Below are records that contain pictures; transcribe the text exactly and omit the pictures.
######
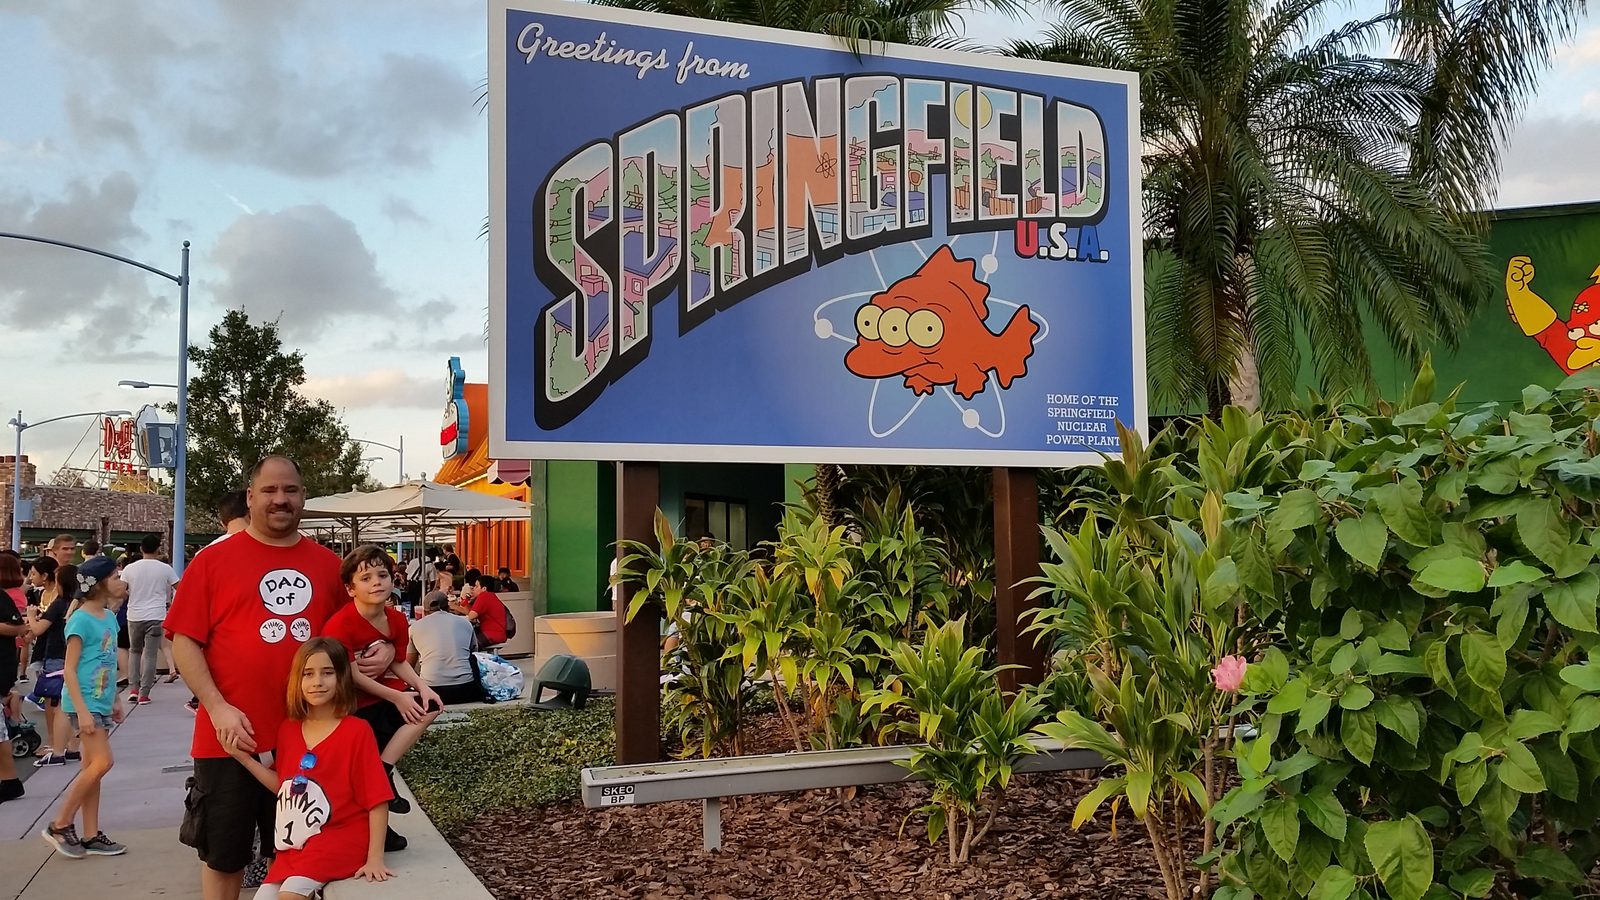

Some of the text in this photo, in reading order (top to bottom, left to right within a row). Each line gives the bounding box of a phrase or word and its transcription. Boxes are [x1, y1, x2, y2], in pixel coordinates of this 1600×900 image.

[516, 22, 750, 85] Greetings from
[1015, 219, 1110, 262] U.S.A.
[537, 73, 1108, 425] SPRINGFIELD
[1046, 393, 1119, 407] HOME OF THE
[1047, 407, 1116, 420] SPRINGFIELD
[1057, 421, 1108, 433] NUCLEAR
[1046, 434, 1120, 447] POWER PLANT
[265, 577, 306, 593] DAD
[276, 593, 295, 605] of
[262, 621, 283, 631] THING
[291, 621, 310, 631] THING
[603, 785, 634, 795] SKEO
[278, 789, 323, 828] THING
[282, 820, 294, 846] 1
######
> [TASK OUTPUT]
Some of the text in this photo, in reading order (top to bottom, left to right within a row). Each line gives the bounding box of a phrase or word and its transcription. Boxes are [x1, y1, x2, y2], in pixel coordinates of this 1600×900 image.

[516, 22, 750, 85] Greetings from
[1015, 219, 1110, 262] U.S.A.
[537, 73, 1108, 425] SPRINGFIELD
[1046, 393, 1119, 407] HOME OF THE
[1047, 407, 1116, 420] SPRINGFIELD
[1057, 421, 1108, 433] NUCLEAR
[1046, 434, 1120, 447] POWER PLANT
[265, 577, 306, 593] DAD
[276, 593, 295, 605] of
[262, 621, 283, 631] THING
[291, 621, 310, 631] THING
[603, 785, 634, 795] SKEO
[278, 789, 323, 828] THING
[282, 820, 294, 846] 1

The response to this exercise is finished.